Однажды вечером он с ужасом увидел, что замок в его столе взломан и ящик с заветными тетрадками пуст. Кто посмел сделать это? Вероятно, Декотт. Он вечно следит, чтобы воспитанники не занимались чем-либо недозволенным, а стихотворство считает особенно серьезным проступком и давно уже подозревает Виктора.

«Преступника» тут же вызвали к начальству. Кордье и Декотт сидят в грозном молчании, перед ними на столе разложены тетради, и дневник открыт как раз на той странице, где дана совсем не почтительная характеристика Декотта.

— Вам было запрещено заниматься стихотворчеством и говорилось об этом неоднократно. Как вы осмелились ослушаться? — спрашивает Декотт, нахмурившись.

— А кто вам разрешил, господин Декотт, взламывать чужие замки?

Декотт не верит своим ушам. Как? Вместо раскаяния, слез такая неслыханная дерзость!

— Вы хотите, чтоб вас исключили из пансиона? Вы этого добьетесь!

— Отдайте мои тетради, — отвечает «преступник». Он не хочет раскаиваться.

Декотт смотрит на Кордье. Кордье — на Декотта. Может быть, они действительно перестарались? Стоит ли обострять конфликт?

— Возьмите ваши тетради, — ледяным голосом говорит Кордье и начинает читать длинную нотацию строптивому поэту.

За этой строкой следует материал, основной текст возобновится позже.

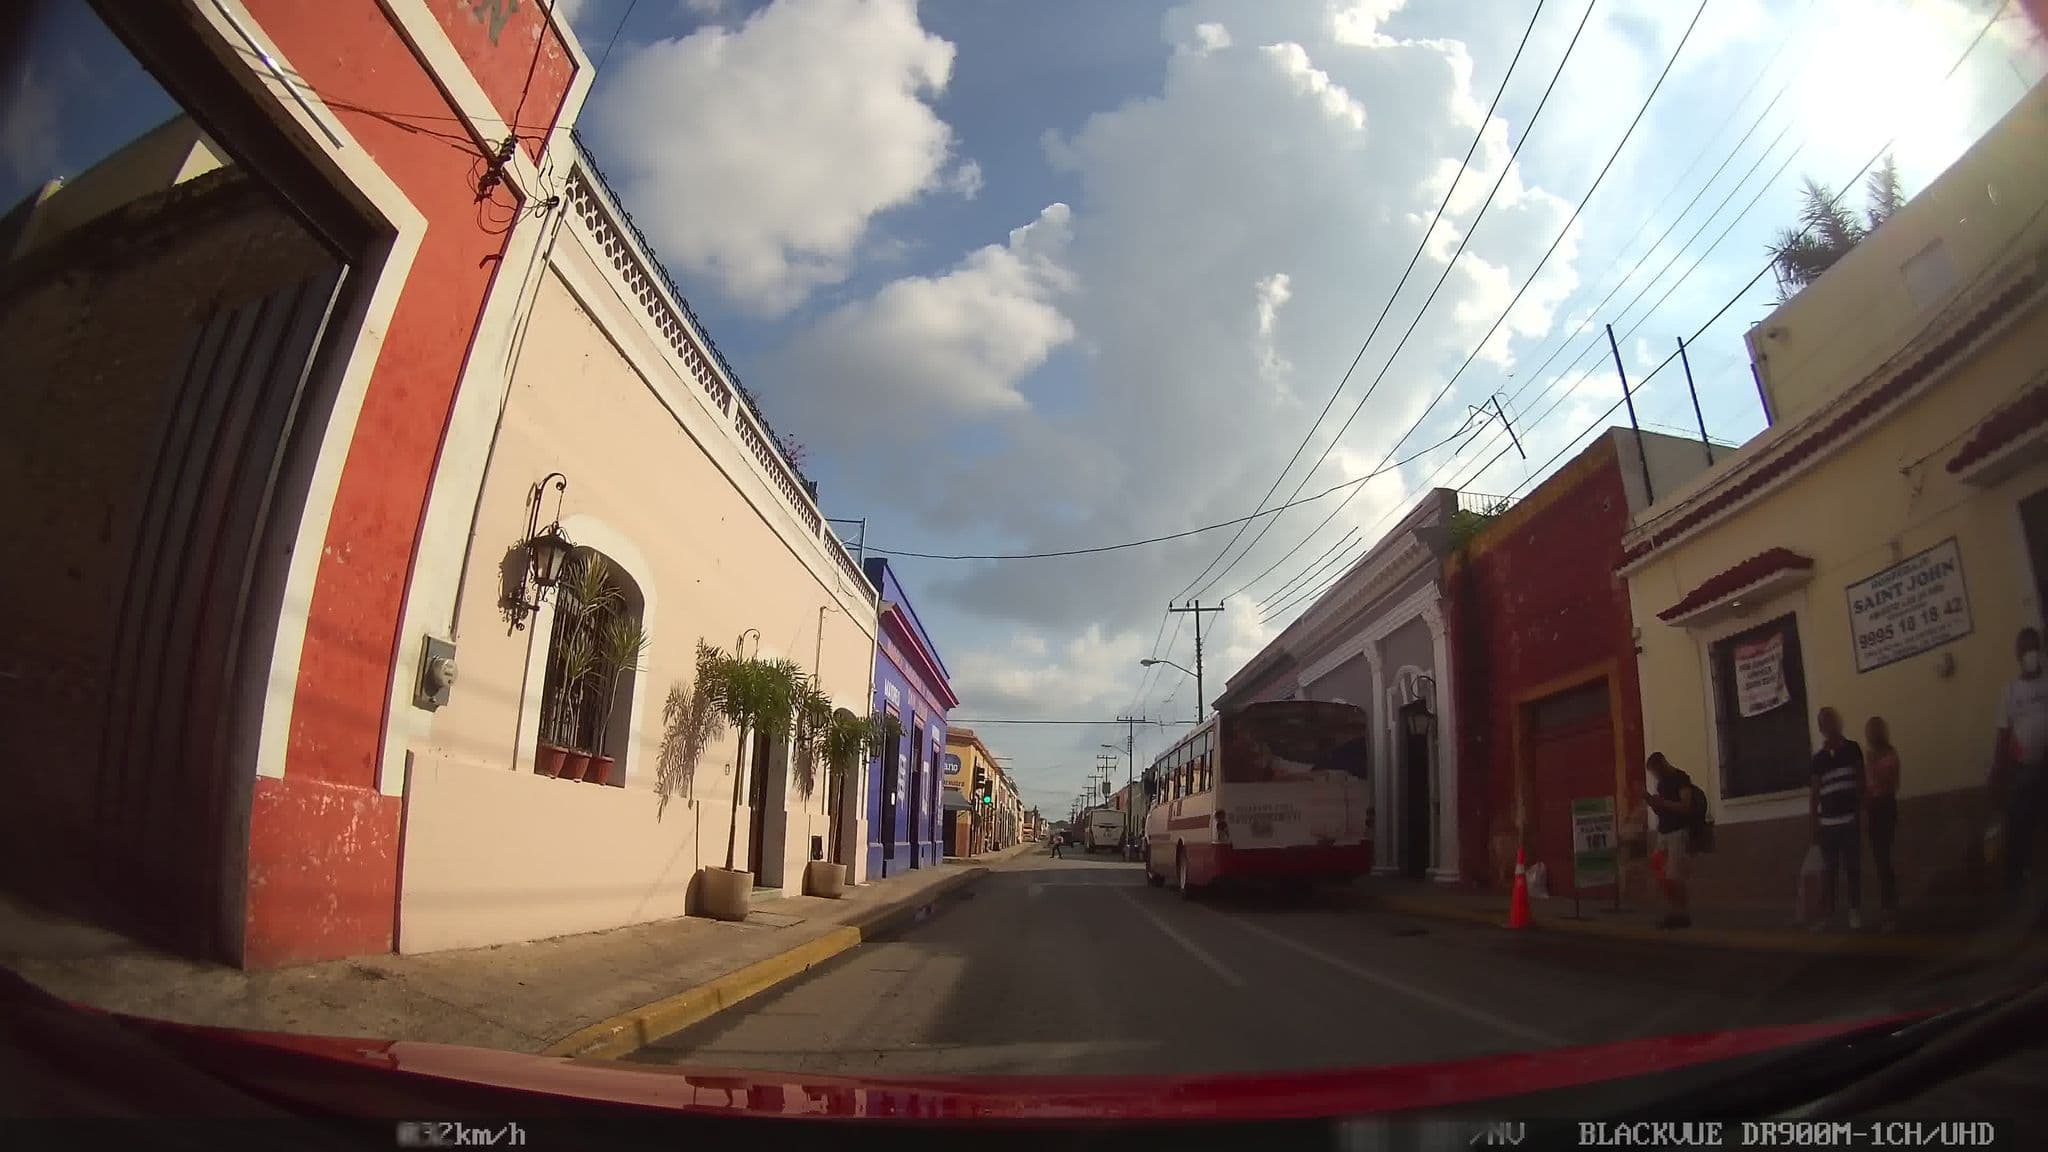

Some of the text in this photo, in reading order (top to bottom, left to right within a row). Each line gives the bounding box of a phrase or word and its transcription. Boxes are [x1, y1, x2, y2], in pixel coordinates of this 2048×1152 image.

Виктор молча слушает, берет тетради и уходит. Он знает, ему теперь придется трудно, злопамятный Декотт всячески будет преследовать его на уроках математики. Ничего, все-таки победа одержана.

* * *

В 1817 году Парижская Академия объявила конкурс по отделу поэзии на тему «Счастье, доставляемое наукой во всех положениях жизни». Виктор решил испробовать свои силы в соревновании с настоящими поэтами. Длинная ода, сочиненная по всем правилам, с историческими примерами, красноречиво доказывает, как возвышают человека науки в самых трудных жизненных обстоятельствах.

В свой замысел Виктор посвятил Феликса Бискарра. Тот обещал помощь.

Во время очередной прогулки Бискарра выстроил пансионеров у здания Академии и велел им подождать несколько минут, а сам, подхватив Виктора, бросился с ним стремглав в канцелярию Академии. Красные, запыхавшиеся, ворвались они в это святилище и вручили рукопись седовласому величественному старцу, исполнявшему обязанности секретаря. Во дворе Академии они встретили Абэля и, захваченные врасплох, выдали ему свою тайну.

Потянулись дни ожидания. Страхи, тревоги, сомнения и робкая надежда; ее поддерживает Бискарра. Учитель и ученик смотрят друг на друга глазами заговорщиков.

А жизнь в пансионе идет своим чередом. Все так же суров и непримирим Декотт, все так же трудны задачи по математике, и по-прежнему приятно пробежаться на большой перемене по пансионскому двору взапуски с товарищами или сыграть партию в кегли. В разгар одной из таких игр Виктор вдруг увидел во дворе старшего брата Абэля. Почему он появился здесь в неурочный час?

— Эй ты, поди-ка сюда! — кричит Абэль Виктору.

Виктор мчится навстречу брату. Неужели Абэль принес какие-нибудь известия о конкурсе?

— И зачем только тебе понадобилось сообщать Академии о своем возрасте? — говорит Абэль. — Не напиши ты, что тебе «всего пятнадцать лет», может быть, дали бы медаль, а теперь довольствуйся похвальным отзывом.

Весть о похвальном отзыве, который снискало в Академии сочинение пятнадцатилетнего поэта, появляется в газетах. Все поздравляют Виктора. Мать гордится им. Бискарра в восторге. Декотт сменяет гнев на милость, уж не говоря о Кордье.

«Собаки» славят своего повелителя, «телята» один за другим перебегают к нему из лагеря Эжена. И Эжен особенно не огорчается. Детские игры уходят и прошлое.

* * *

Аудитория почти пуста. Лекция тянется бесконечно. Профессор философии бывший аббат Могра тщетно пытается увлечь слушателей своим красноречием. Он подымается на носки, делает смешные ораторские жесты и воображает, вероятно, что очень похож на Мирабо, знаменитого оратора времен революции.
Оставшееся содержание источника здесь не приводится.